The tomb of the unknown soldier from the Vietnam War is likely to stand empty, because technological advances have made it impossible to guarantee that anyone buried there would remain unknown, Pentagon officials said yesterday.

Military officials have recommended to Defense Secretary William S. Cohen that no new remains be sought for the crypt at Arlington National Cemetery, which has been vacant since May 15. The man who had been buried there since 1984 was identified by new genetic testing techniques as Lt. Michael Blassie, after he was exhumed under pressure from the Blassie family.

“Given the advances in DNA analysis techniques, I don't think we'll be able to have complete confidence that any set of remains . . . would remain unknown forever,” said Defense Department spokesman Kenneth Bacon. “So we would face another Michael Blassie situation. We want to avoid that. It was painful. It was awkward.”

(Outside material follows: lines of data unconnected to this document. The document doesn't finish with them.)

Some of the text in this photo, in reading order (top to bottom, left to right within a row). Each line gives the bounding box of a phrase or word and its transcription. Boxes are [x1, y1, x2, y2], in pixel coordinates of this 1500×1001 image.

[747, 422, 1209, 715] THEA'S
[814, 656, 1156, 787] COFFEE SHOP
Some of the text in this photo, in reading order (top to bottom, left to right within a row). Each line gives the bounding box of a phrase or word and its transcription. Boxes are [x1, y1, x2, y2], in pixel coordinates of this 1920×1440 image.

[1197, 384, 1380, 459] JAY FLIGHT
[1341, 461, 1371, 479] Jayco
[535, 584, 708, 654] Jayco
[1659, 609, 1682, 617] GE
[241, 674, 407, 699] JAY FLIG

More than 2,000 Vietnam-era soldiers remain missing, and an Army laboratory is working on identifying several hundred sets of remains. The new DNA analysis means that it is theoretically possible to identify virtually any recovered body if the military can find likely living relatives and compare their genetic material, officials said.

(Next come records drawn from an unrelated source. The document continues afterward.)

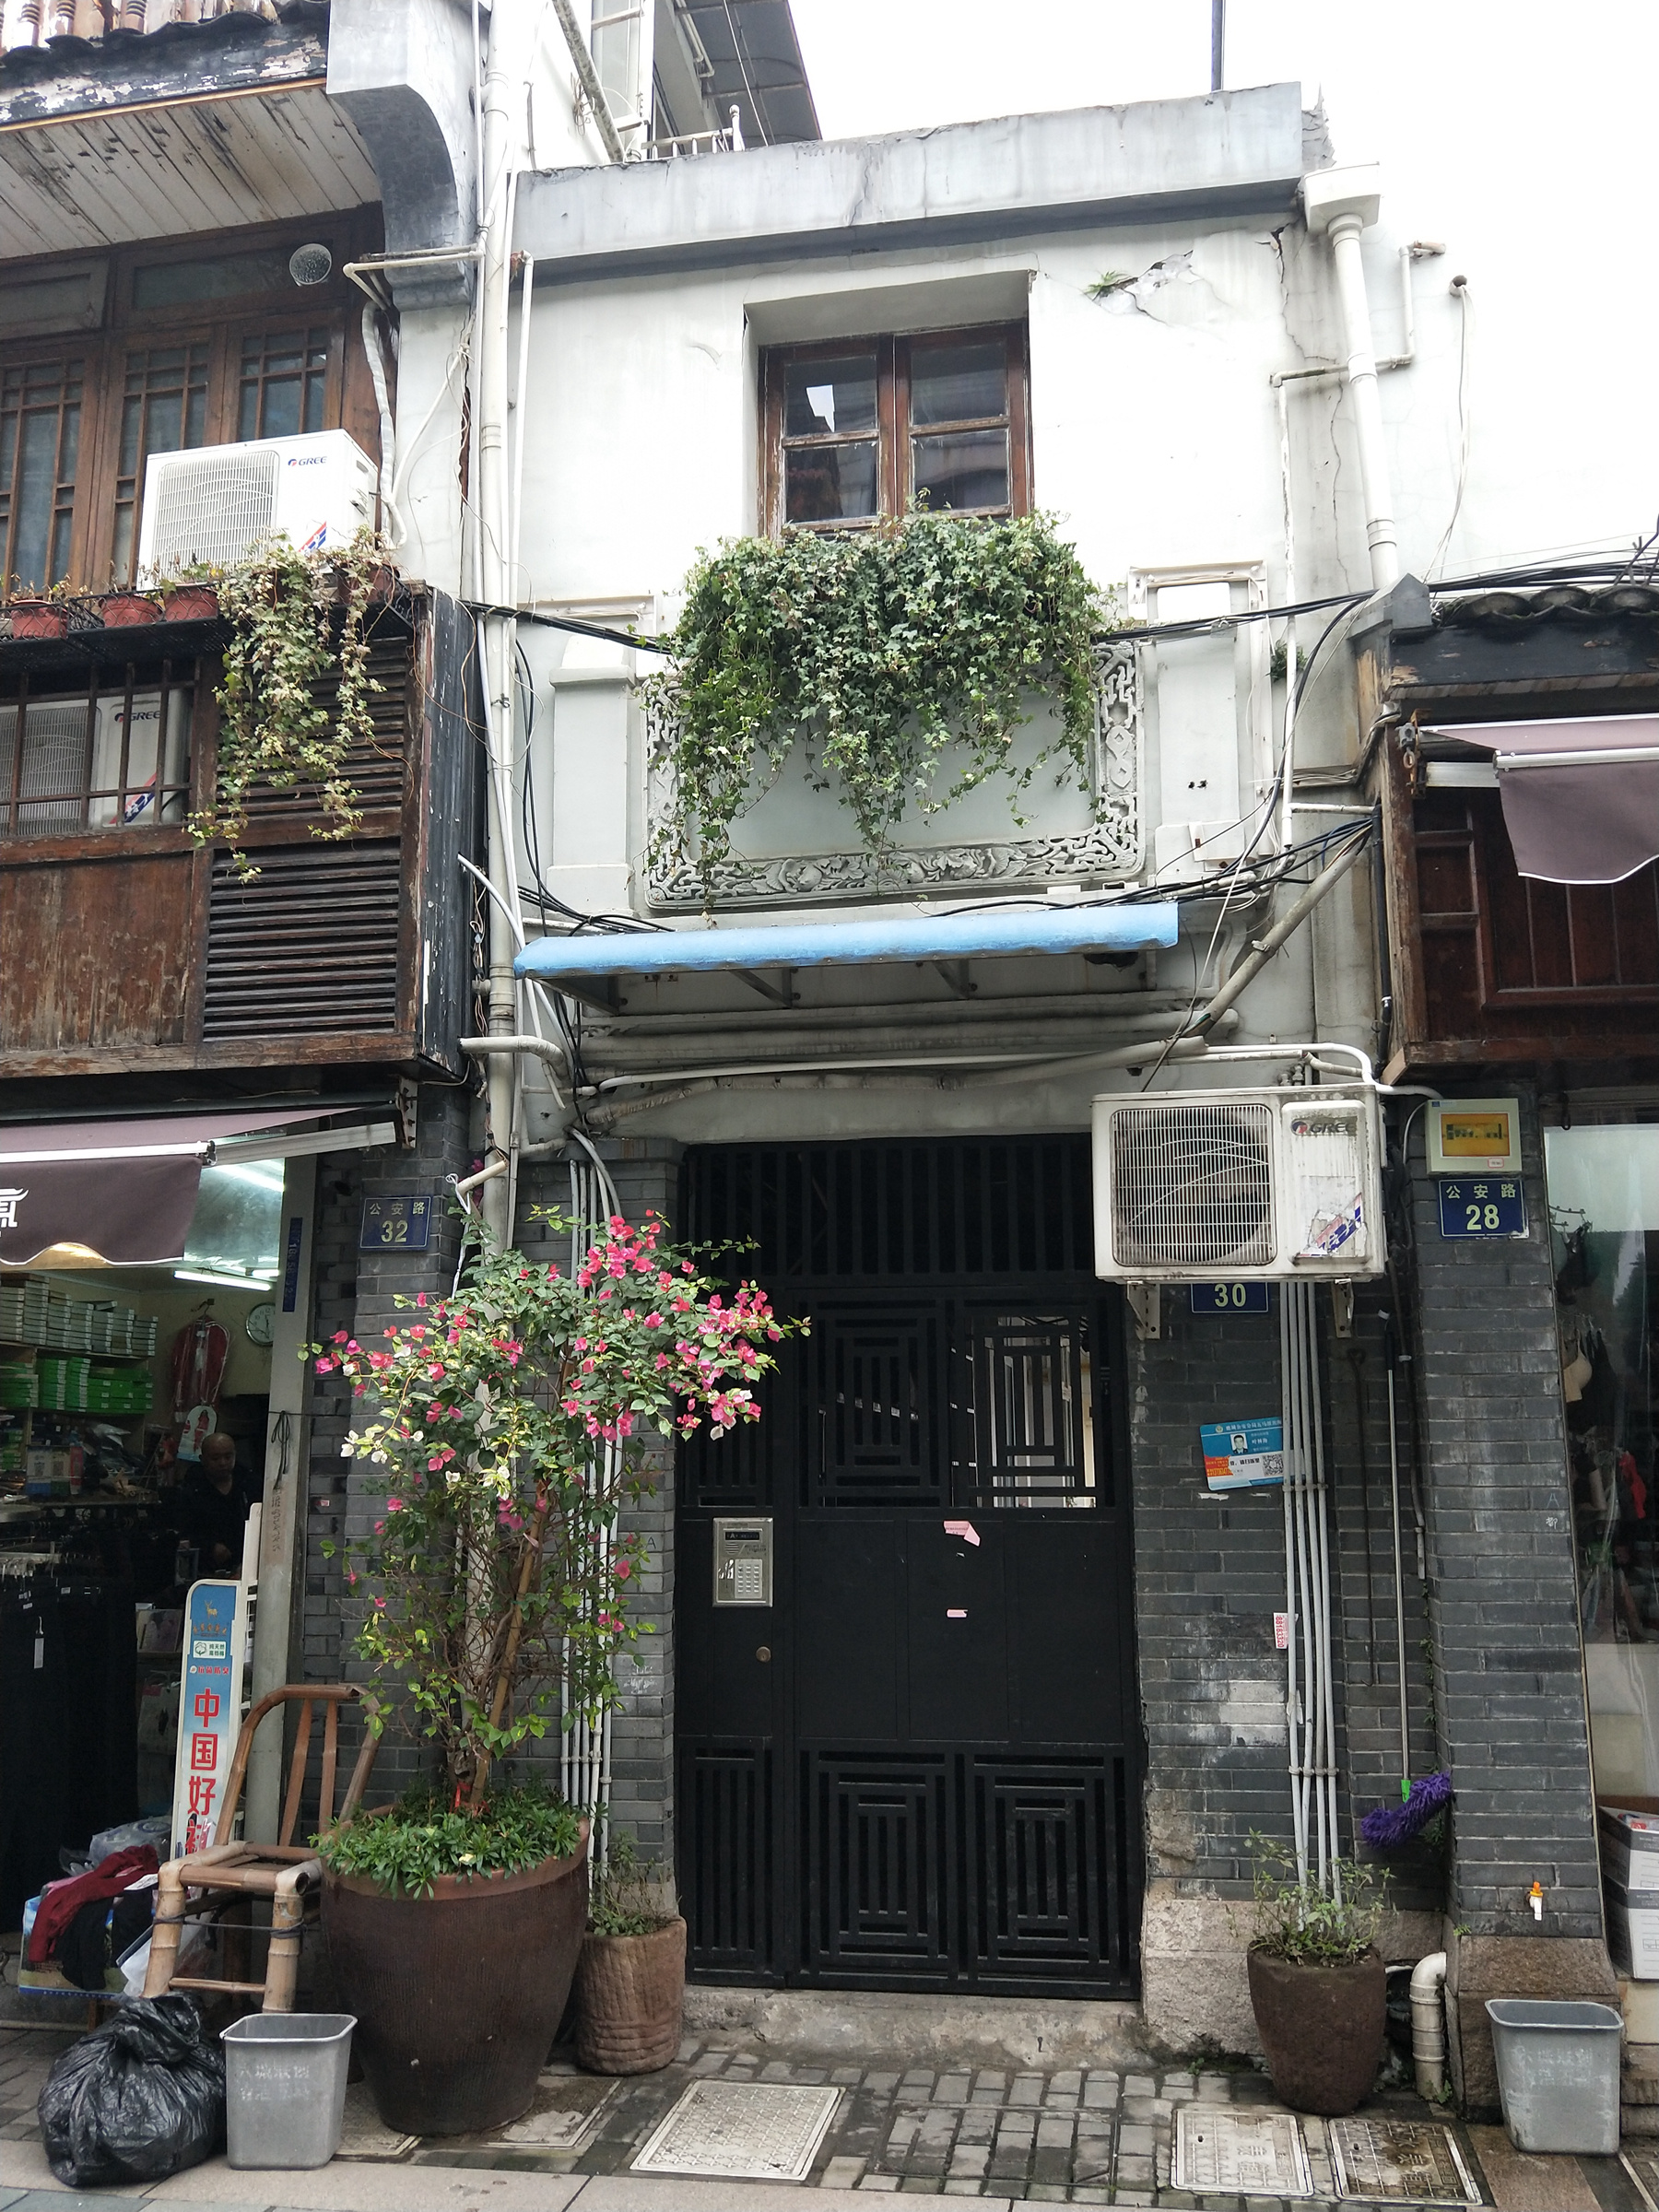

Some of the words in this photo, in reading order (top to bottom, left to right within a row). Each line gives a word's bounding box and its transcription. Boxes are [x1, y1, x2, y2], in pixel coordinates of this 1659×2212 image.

[299, 456, 327, 466] GREE
[1310, 1122, 1357, 1134] GREE
[1446, 1183, 1516, 1199] 公安路
[370, 1201, 425, 1215] 公安路
[1465, 1204, 1500, 1230] 28
[381, 1219, 408, 1242] 32
[1214, 1283, 1246, 1307] 30

That's what has been happening with the remains being repatriated from Laos, Cambodia and Vietnam, including two Army soldiers being buried at Arlington this morning. Capt. Thaddeus E. Williams Jr. and Spec. 5 James Schimberg have been missing since their helicopter went down over Phu Yen province in Vietnam in 1966, and the Army lab was recently able to link them conclusively to remains brought back to this country in 1993, Army officials said.

Cohen has not made a formal decision about what to do with the crypt, one of four representing the unknown soldiers of both world wars, Korea and Vietnam, Bacon said. But Pentagon officials are considering leaving it in place and adding an inscription that would explain why it is empty and what it represents, he said.

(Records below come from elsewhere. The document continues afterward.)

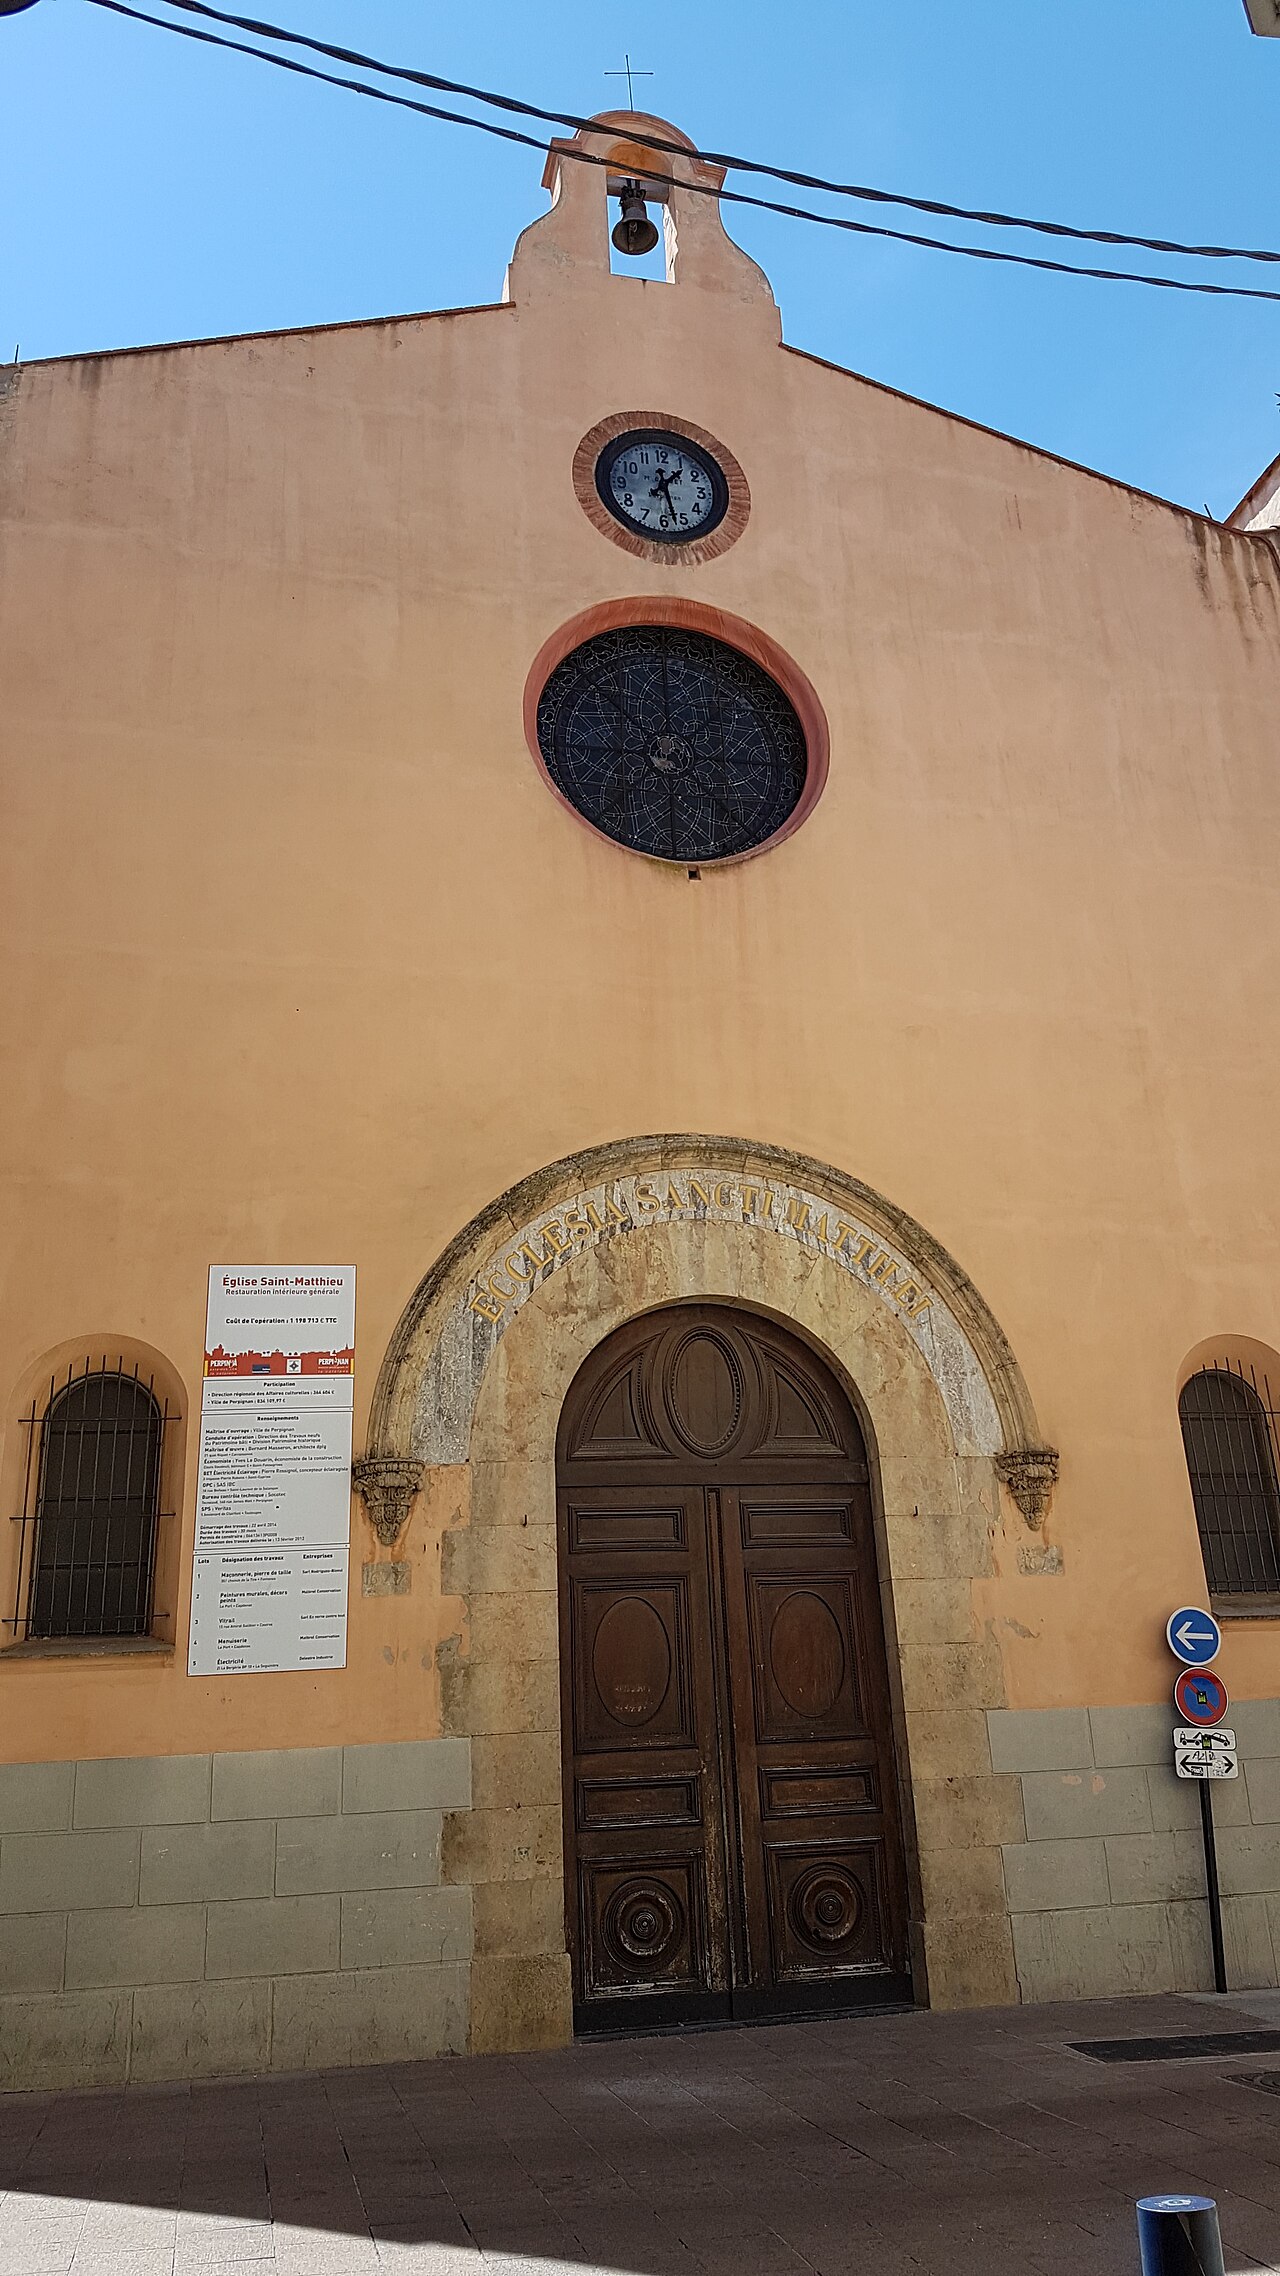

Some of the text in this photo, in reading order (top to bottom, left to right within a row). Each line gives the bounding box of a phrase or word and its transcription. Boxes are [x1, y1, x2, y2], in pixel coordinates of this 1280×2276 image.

[640, 452, 649, 464] 11
[655, 450, 668, 464] 12
[677, 451, 683, 468] 1
[624, 461, 638, 474] 10
[690, 470, 699, 482] 2
[617, 477, 626, 488] 9
[697, 487, 706, 499] 3
[624, 493, 633, 507] 8
[641, 508, 650, 520] 7
[692, 503, 702, 515] 4
[660, 514, 668, 527] 6
[680, 513, 688, 525] 5
[470, 1195, 628, 1325] ECCLESIA
[635, 1179, 775, 1218] SANCTI
[222, 1274, 343, 1288] Église Saint-Matthieu
[225, 1288, 340, 1296] Restauration intérieure générale
[251, 1317, 285, 1326] l'opération

Such a decision would please officials of the American Legion, the nation's largest veterans group with nearly 3 million members.

“We recommend that a plaque be installed at the crypt reading, ‘In honor of, and keeping faith with, America's missing servicemen from the Vietnam War,' ” said John Sommer, executive director of the group's Washington office.

Sommers said that while the group would support putting a truly unknown soldier in the tomb, it wants to make sure that potentially identifiable remains are not erroneously put there. “We don't want to prohibit any family from being able to put to rest their loved ones,” he said.

For their part, the 2 million-member Veterans of Foreign Wars is on record asking that “the U.S. Government make every effort to inter one of our unknown honored dead from the Vietnam War” at the Tomb.

But spokesman Bill Smith said the VFW recognizes that the new identification techniques could make that problematic.

“We have a tomb there that is vacant that represents a significant period in our history . . . but we don't want to have another situation were we have to disinter somebody,” Smith said. “It's putting people through too much grief.”